*** Begin section ***

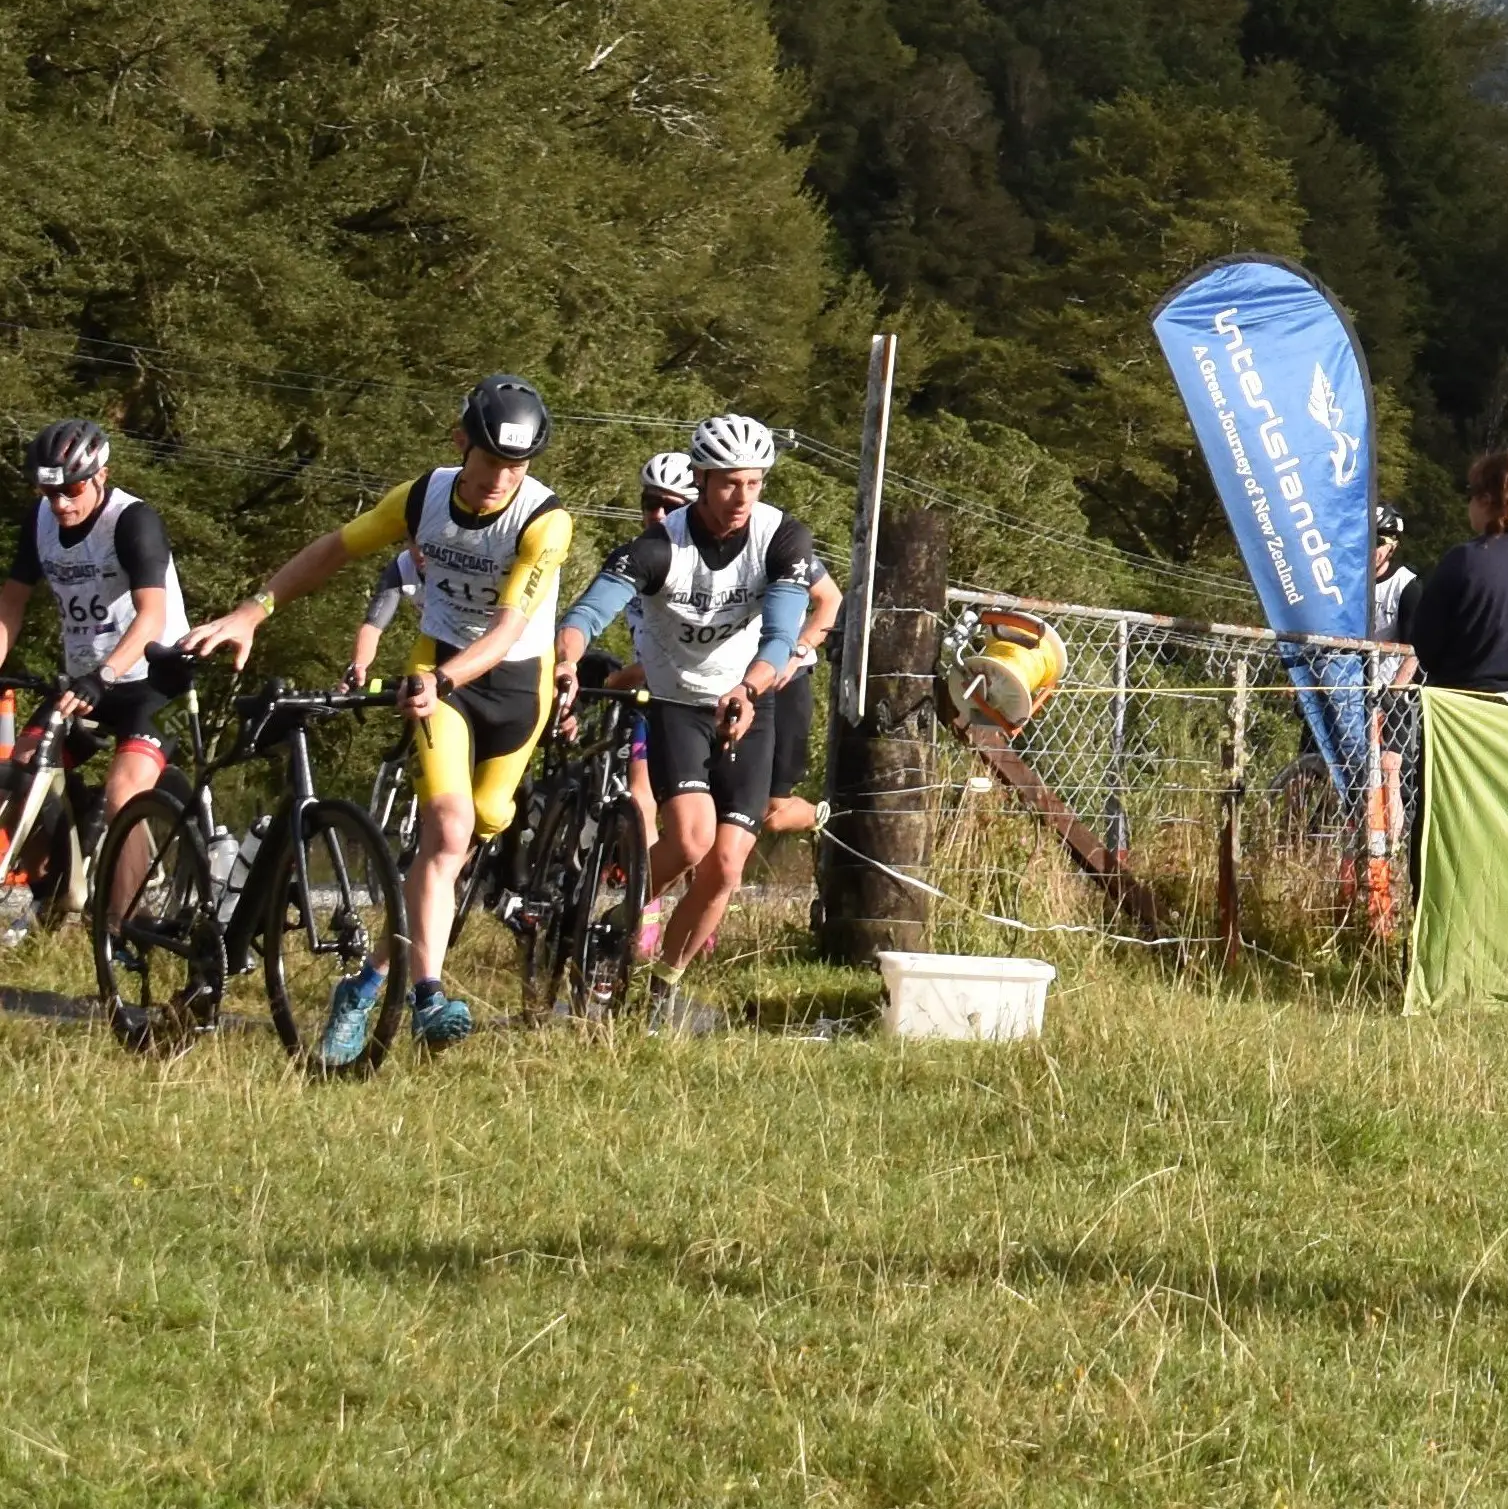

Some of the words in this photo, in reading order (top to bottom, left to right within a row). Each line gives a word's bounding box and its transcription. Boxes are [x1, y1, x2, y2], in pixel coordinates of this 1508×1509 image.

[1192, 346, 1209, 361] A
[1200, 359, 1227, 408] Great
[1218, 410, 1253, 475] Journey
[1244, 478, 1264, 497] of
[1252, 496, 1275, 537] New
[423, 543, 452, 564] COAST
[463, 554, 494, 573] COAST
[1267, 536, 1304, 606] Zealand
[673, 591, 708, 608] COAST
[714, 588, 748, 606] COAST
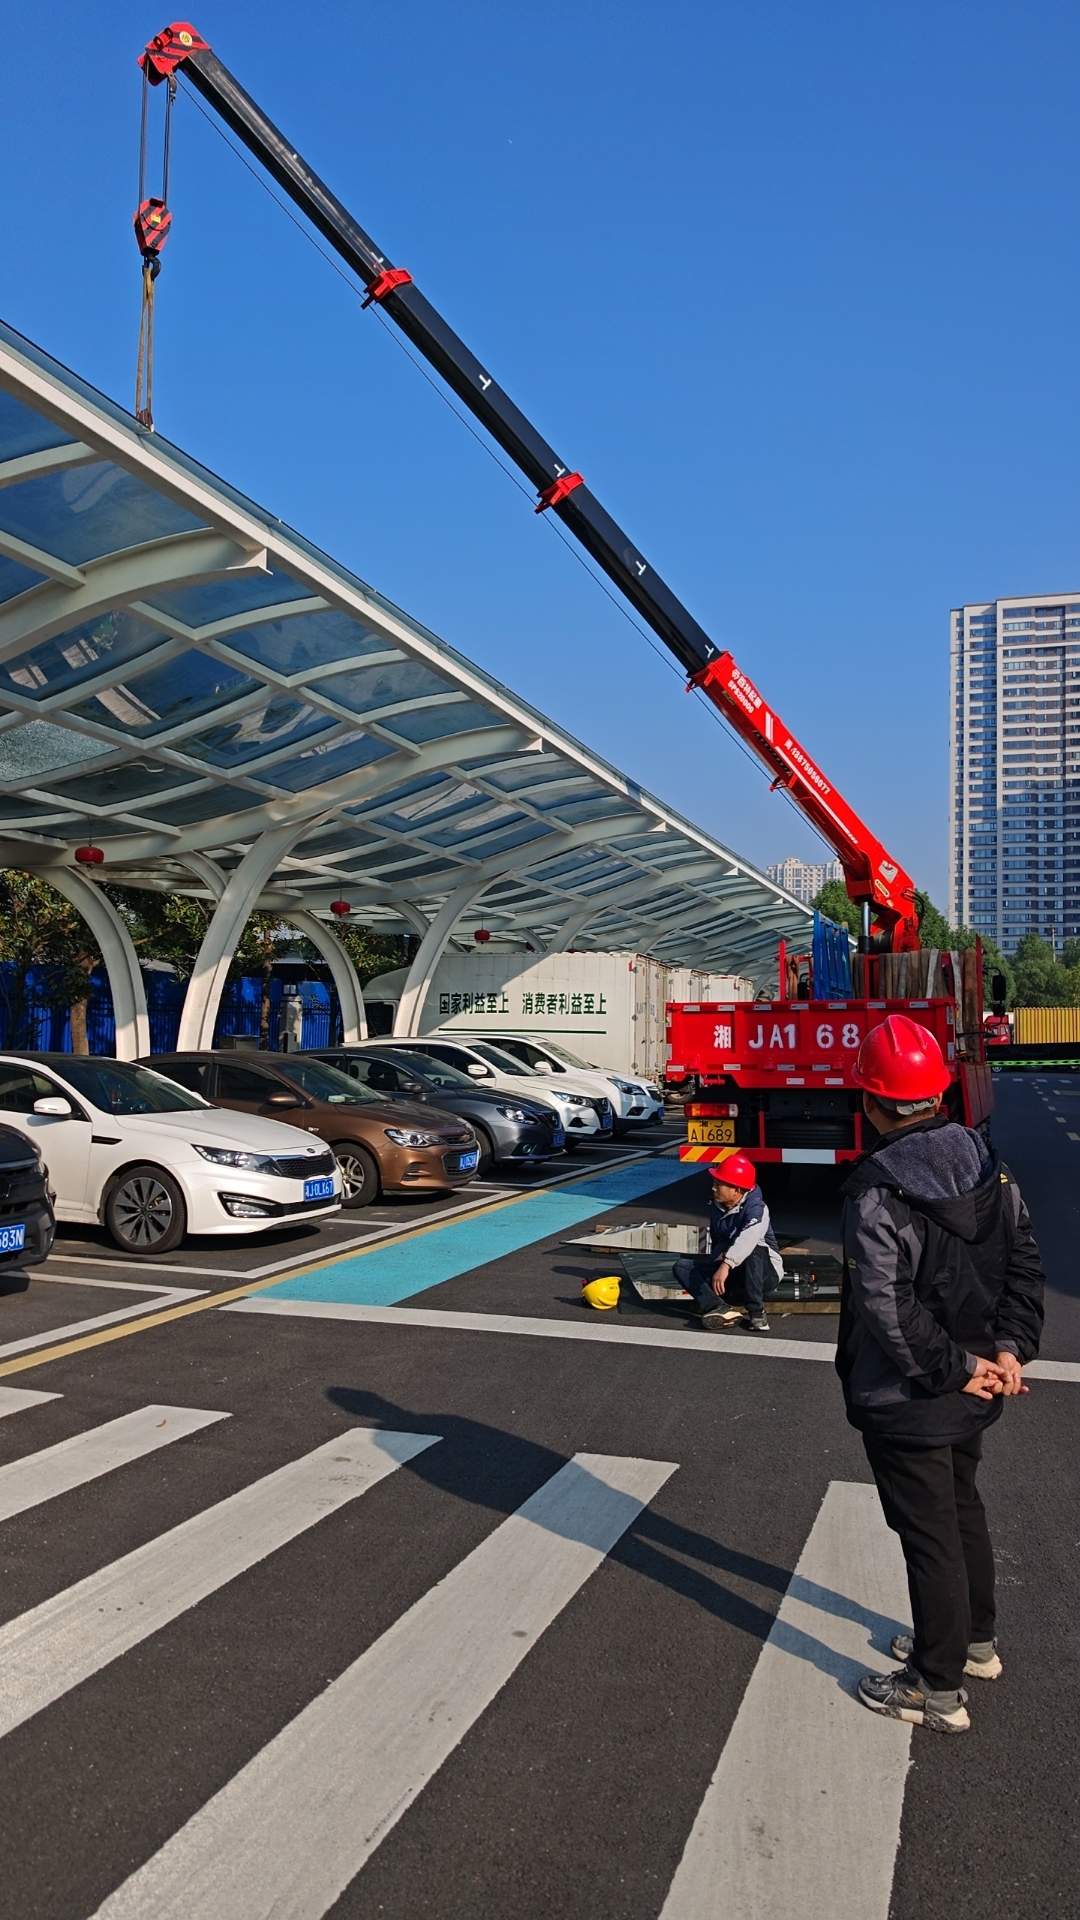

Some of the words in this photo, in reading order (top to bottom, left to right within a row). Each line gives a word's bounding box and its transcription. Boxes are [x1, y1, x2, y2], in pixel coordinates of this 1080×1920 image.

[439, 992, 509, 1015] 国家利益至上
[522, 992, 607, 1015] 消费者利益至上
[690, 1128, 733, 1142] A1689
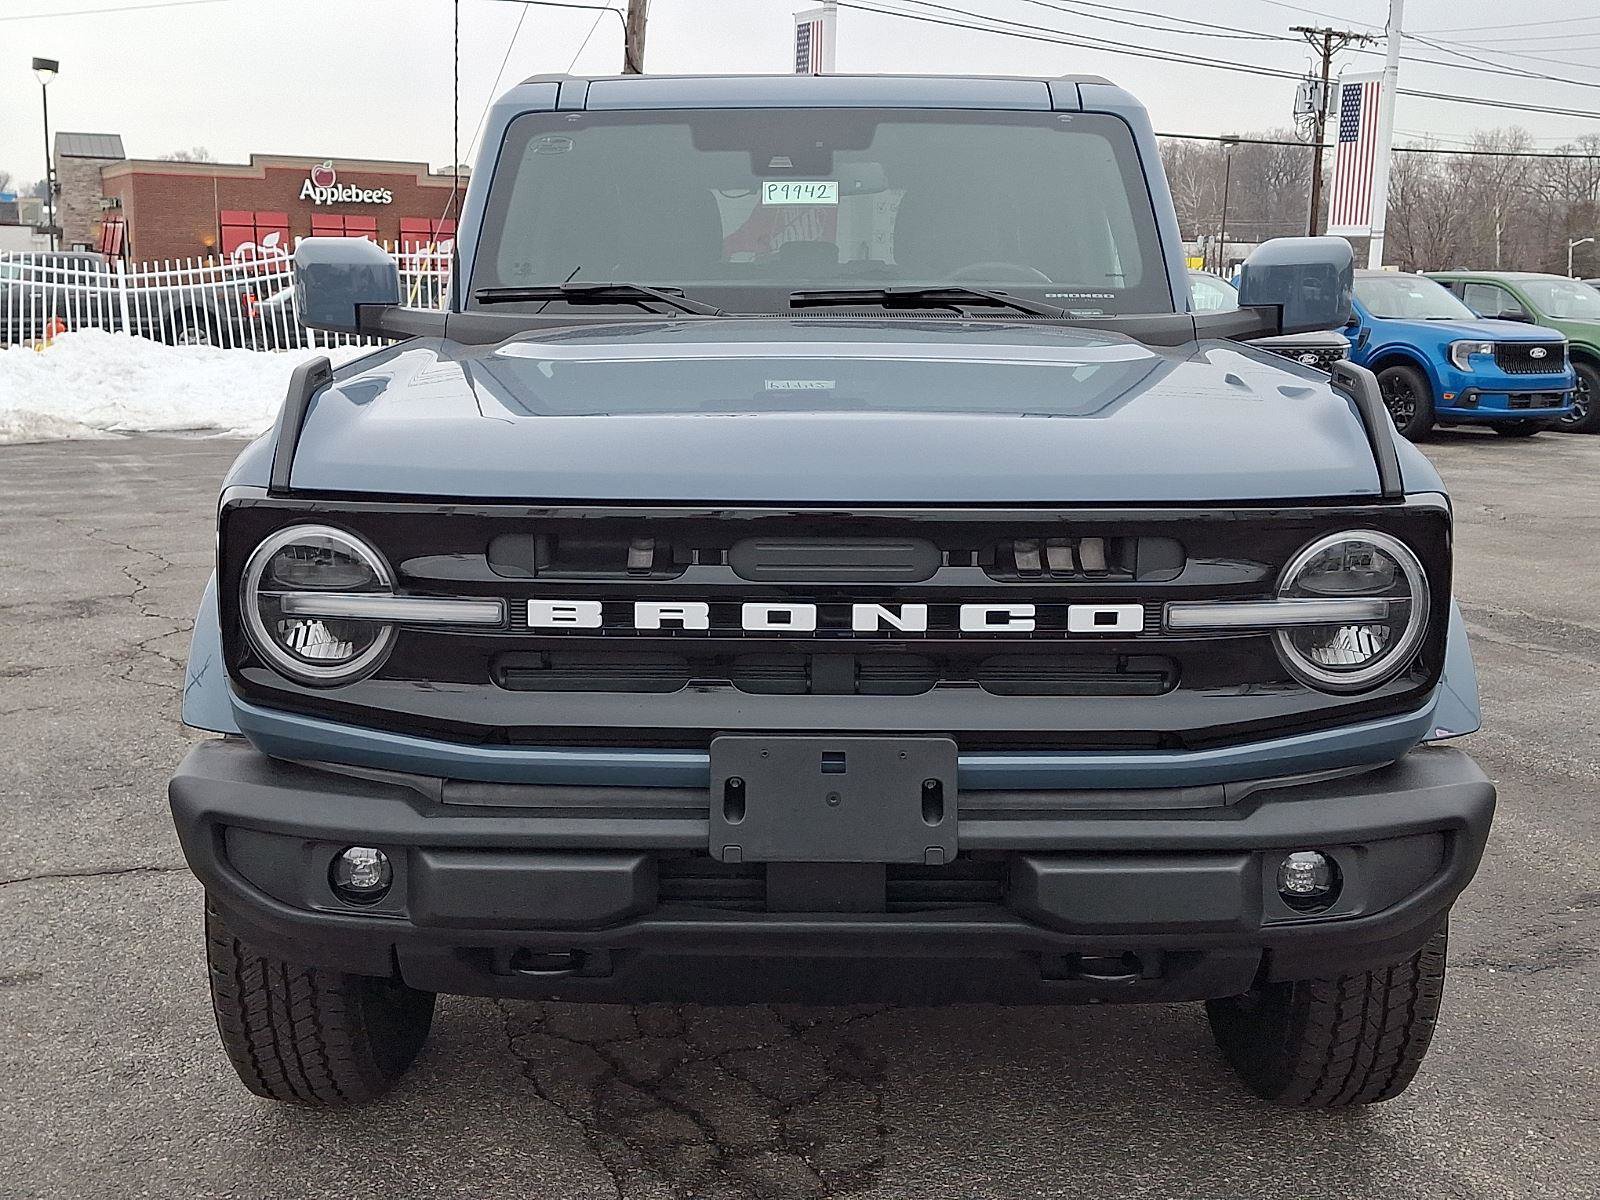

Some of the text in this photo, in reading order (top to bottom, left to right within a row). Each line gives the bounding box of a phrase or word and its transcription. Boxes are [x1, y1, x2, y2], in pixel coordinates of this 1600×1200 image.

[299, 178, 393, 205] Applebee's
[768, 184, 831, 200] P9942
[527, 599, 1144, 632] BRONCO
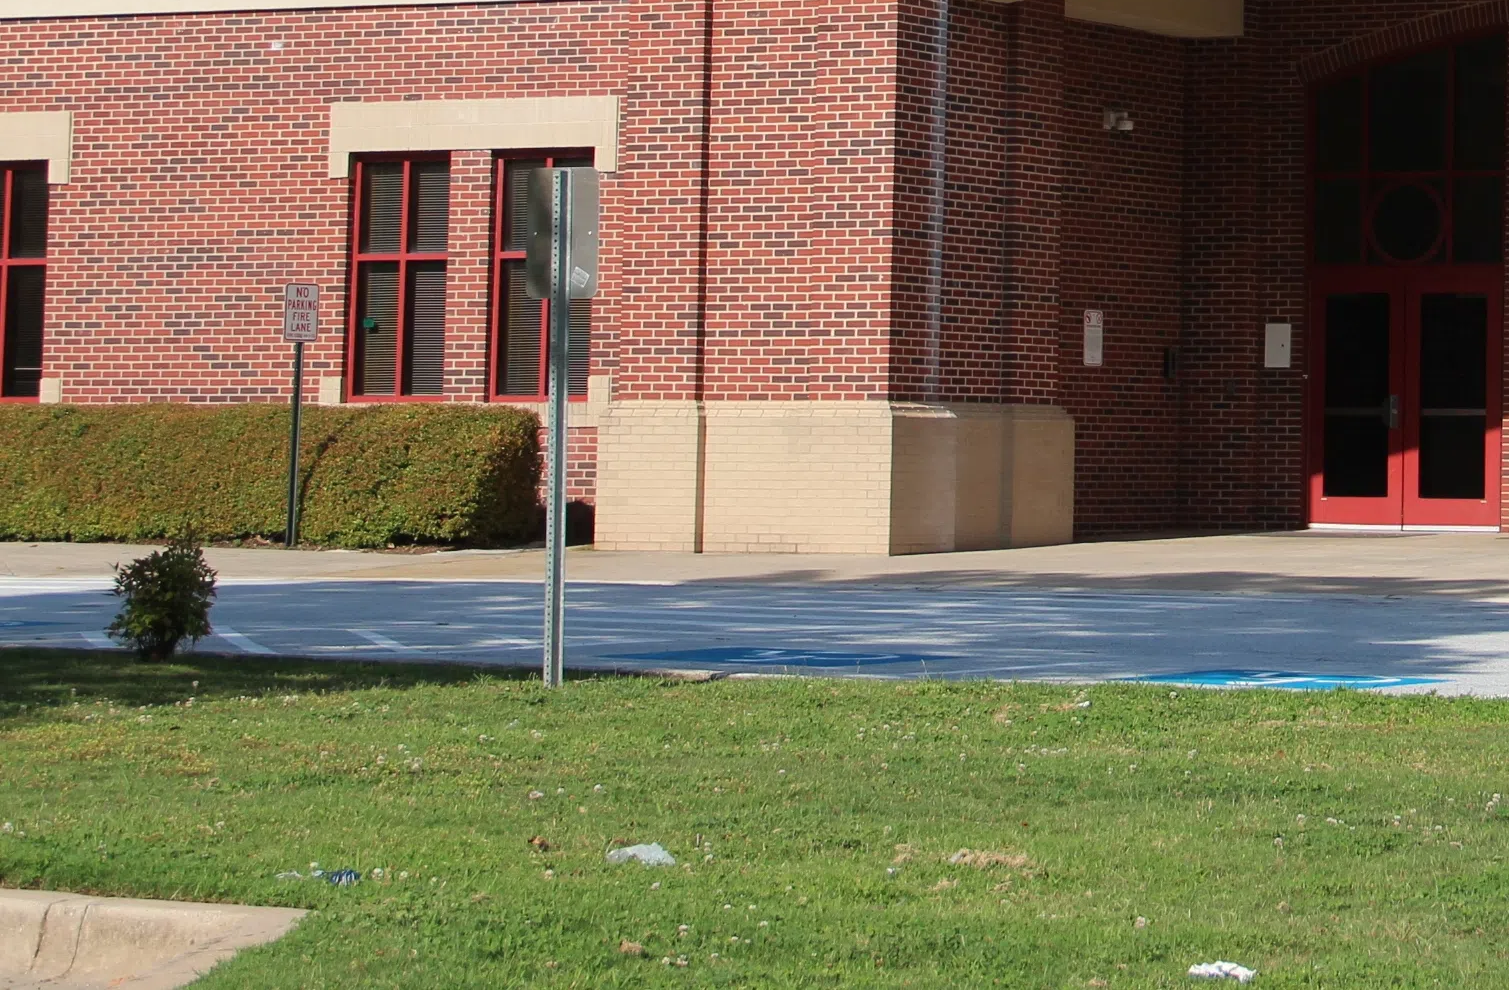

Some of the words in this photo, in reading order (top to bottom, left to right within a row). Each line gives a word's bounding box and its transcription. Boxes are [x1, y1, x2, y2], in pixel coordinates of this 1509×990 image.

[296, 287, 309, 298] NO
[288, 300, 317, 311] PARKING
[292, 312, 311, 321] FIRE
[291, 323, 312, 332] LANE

*** End section ***

Your reply should restate the data above word for word and contain no pictures.

# Exercise solution:
Some of the words in this photo, in reading order (top to bottom, left to right within a row). Each line gives a word's bounding box and its transcription. Boxes are [x1, y1, x2, y2], in pixel coordinates of this 1508×1509 image.

[1192, 346, 1209, 361] A
[1200, 359, 1227, 408] Great
[1218, 410, 1253, 475] Journey
[1244, 478, 1264, 497] of
[1252, 496, 1275, 537] New
[423, 543, 452, 564] COAST
[463, 554, 494, 573] COAST
[1267, 536, 1304, 606] Zealand
[673, 591, 708, 608] COAST
[714, 588, 748, 606] COAST

Some of the words in this photo, in reading order (top to bottom, left to right within a row). Each line gives a word's bounding box and its transcription. Boxes are [x1, y1, x2, y2], in pixel coordinates of this 1080×1920 image.

[439, 992, 509, 1015] 国家利益至上
[522, 992, 607, 1015] 消费者利益至上
[690, 1128, 733, 1142] A1689

Some of the text in this photo, in reading order (top to bottom, left to right within a row). Each line gives the bounding box of a phrase or word and its transcription. Boxes are [x1, y1, x2, y2], in pixel coordinates of this 1600×1200 image.

[299, 178, 393, 205] Applebee's
[768, 184, 831, 200] P9942
[527, 599, 1144, 632] BRONCO

Some of the words in this photo, in reading order (top to bottom, left to right within a row). Each line gives a word's bounding box and its transcription. Boxes are [x1, y1, x2, y2], in pixel coordinates of this 1509×990 image.

[296, 287, 309, 298] NO
[288, 300, 317, 311] PARKING
[292, 312, 311, 321] FIRE
[291, 323, 312, 332] LANE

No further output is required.